Tom Stannard, corporate director of regeneration and economic growth, Wakefield MDC

Tom Stannard: Leave areas must prepare for the fourth industrial revolution

Tom Stannard

Since the EU referendum, councils have grappled with the meaning of the result, worrying about the impact of withdrawing from the EU on their communities. Two of the biggest worries are inward investment and the impact on local labour markets.

I spend a lot of time talking to businesses across Wakefield about their concerns as we approach the looming withdrawal date. Their biggest concerns are uncertainty, the role tariffs may play in managing their cashflow, R&D and investment plans over the medium term, and workforce issues. The latter is particularly true for companies with many EU nationals in a stable workforce, and those with a lot of seasonal migrant labour.

Many of us live and work in leave-voting areas of the UK. Across Yorkshire & the Humber, the electorate voted to leave by a clear margin (1.58 million to 1.16 million votes). Leeds is well known as a core remain city, whereas in Wakefield 58,877 voted to remain and 116,165 to leave. This pattern largely followed patterns of historic economic disadvantage and deprivation.

The dynamics within our labour markets are tricky to pin down, but exhibit some common characteristics. Currently, they enjoy close to full employment. Typically, they have similar skills profiles when viewed at the extremes: much higher proportions of locals with low level or no qualifications at all than national or regional averages, and much lower proportions of residents with level 4+ or higher-level skills qualifications.

The major challenge is to improve labour market mobility and ability to progress their careers and earn higher wages in areas of post-industrial decline with a lot of low skill, low wage employment replacing traditional industries.

But it’s also vital to bust certain myths about the types of employment that now characterise these regional economies. In Wakefield though we do have a well-connected regional economy with a lot of employment in logistics, it is not necessarily the case that it is a low skill, low wage sector.

Several of our large international logistics firms increasingly run fully-automated facilities. While they may employ fewer staff, they are hiring predominantly high-skilled machine operatives and robotics engineers to design, operate and maintain the increasingly complex machinery of the future. This is true ‘fourth industrial revolution’ labour market dynamics.

As the World Economic Forum recently showed, we must challenge the idea that robotics and automation will destroy employment. The forum’s 2018 Future of Jobs report estimates that among large, non-agricultural firms, 75 million jobs may be “displaced” by technology, but 133 million will emerge across the globe.

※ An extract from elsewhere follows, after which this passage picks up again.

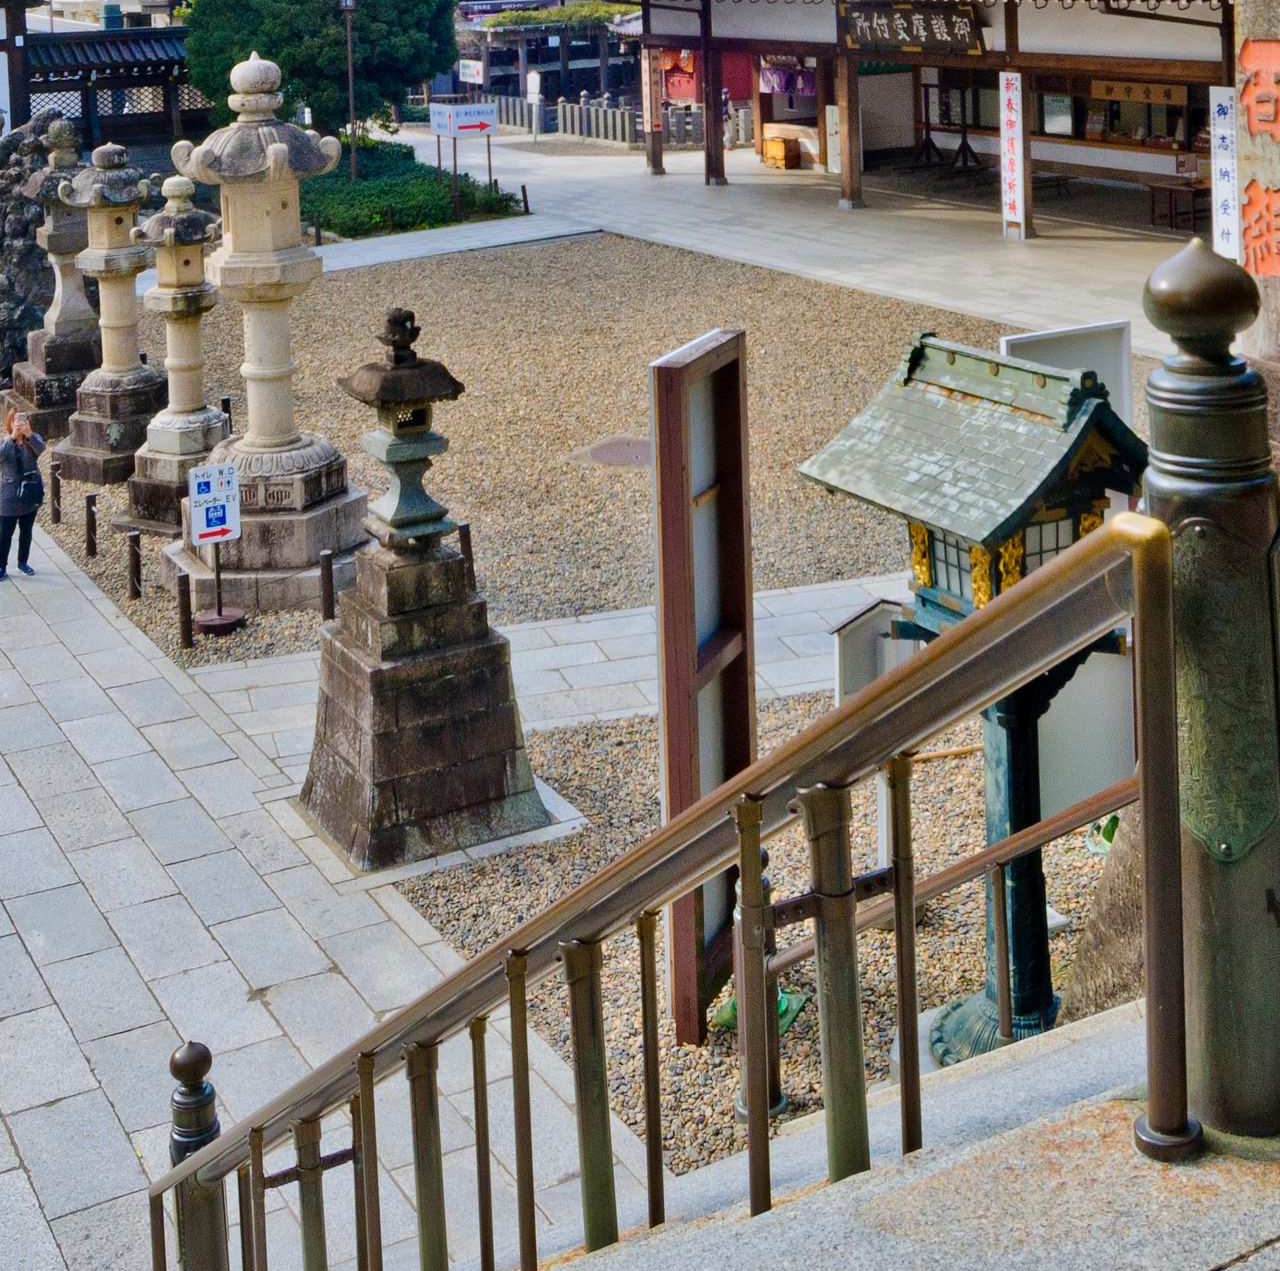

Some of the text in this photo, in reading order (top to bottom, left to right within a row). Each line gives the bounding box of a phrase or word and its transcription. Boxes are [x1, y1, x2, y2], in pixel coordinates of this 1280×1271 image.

If sectors are diversifying, and automation sees a net positive outlook for employment growth over the medium term, how can we also create a net positive outlook for our residents and local communities in hard pressed, leave-voting areas? The answer lies in interventions to assist skills and progression for people already working.

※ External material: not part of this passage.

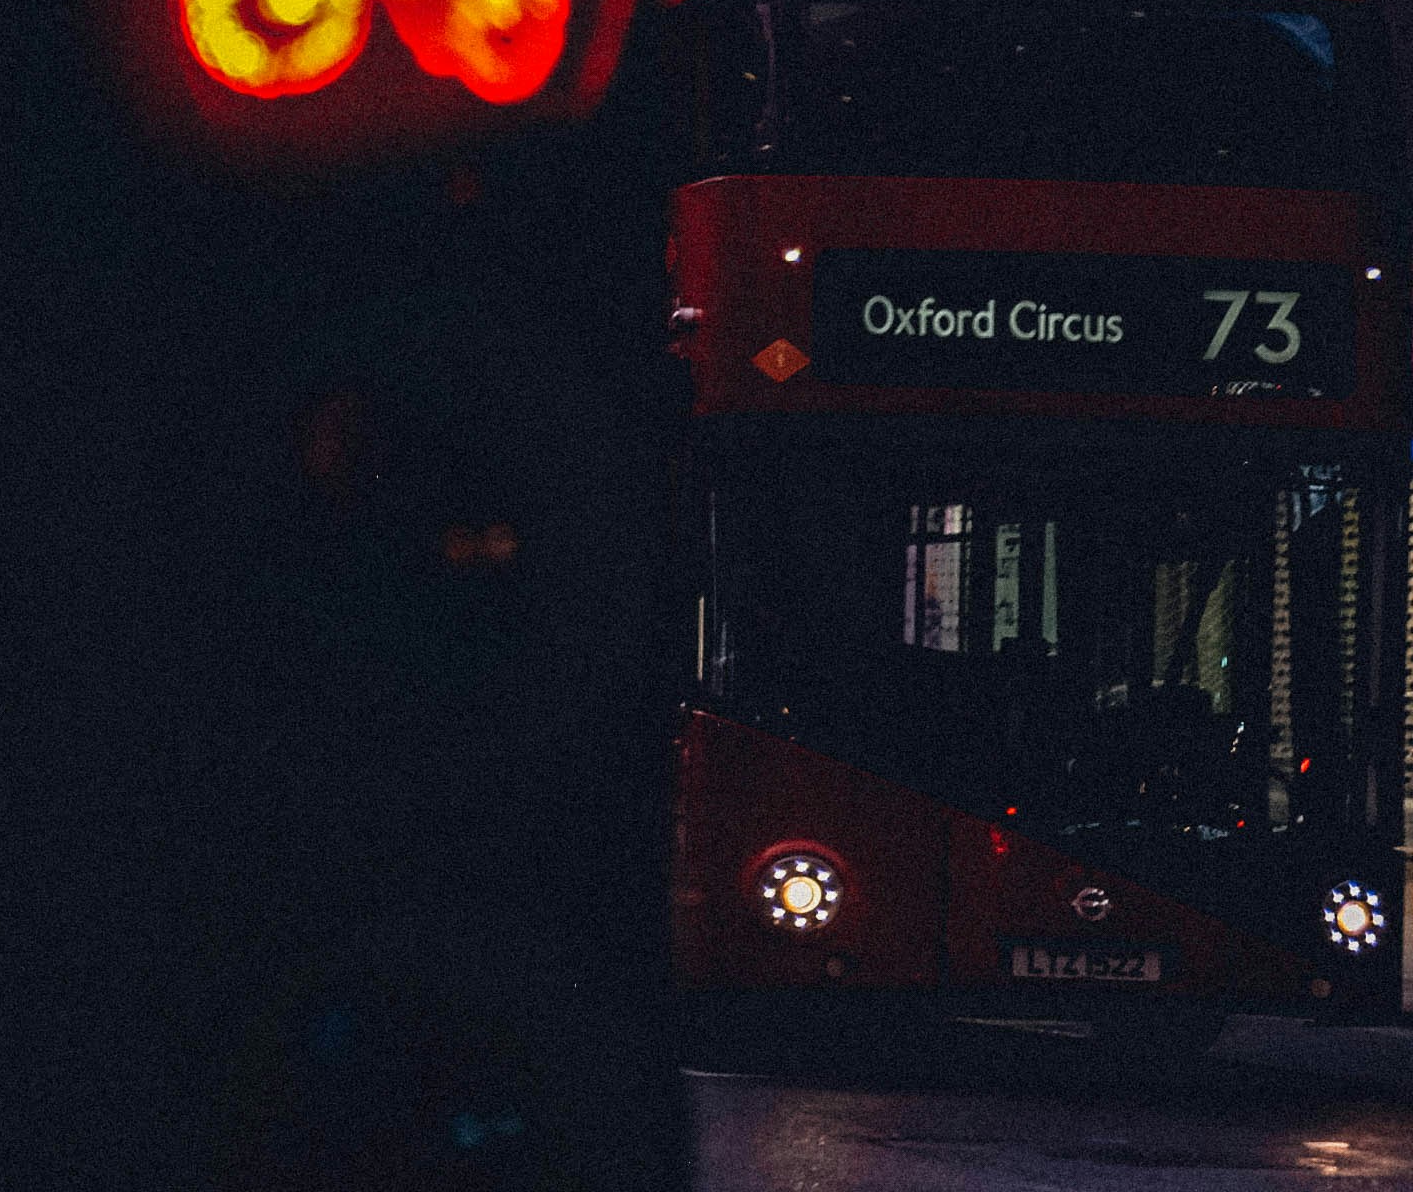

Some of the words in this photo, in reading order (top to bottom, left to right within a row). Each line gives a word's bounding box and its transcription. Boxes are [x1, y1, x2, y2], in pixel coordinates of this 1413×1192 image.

[862, 294, 995, 339] Oxford
[1008, 299, 1125, 344] Circus
[1202, 289, 1302, 364] 73

Many of our residents seem to government or national employment programmes to be enjoying life under near-full employment, but really are struggling to make ends meet. My teams engage with thousands who work but are underemployed, have few or no qualifications, and frequently have more than one job to make ends meet.

We must provide productive labour market interventions to help these residents build their skills and progress their careers, ensuring they stop forming the great ‘missing middle’ that feels forgotten by many national programmes.

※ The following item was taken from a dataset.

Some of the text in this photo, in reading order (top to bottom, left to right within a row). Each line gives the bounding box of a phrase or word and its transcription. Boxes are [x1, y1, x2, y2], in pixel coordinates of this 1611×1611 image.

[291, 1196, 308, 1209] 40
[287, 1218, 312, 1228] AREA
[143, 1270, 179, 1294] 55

In Wakefield we are now designing the in-work progression services of the future, helping working age adults to train, improving their career prospects, earnings and family and community wellbeing. This is tough given the impact of austerity across many skills provider budgets, but it’s critical to ensure communities are properly supported for the fourth industrial revolution.

Above all, we must ensure these residents are not simply forgotten due to being employed, and left to blame the nearest available scapegoat – perhaps the multiple institutions of the EU – for being stuck in low wage, low skill employment. Positive interventions for training employed adults must be at the heart of UK economic renewal.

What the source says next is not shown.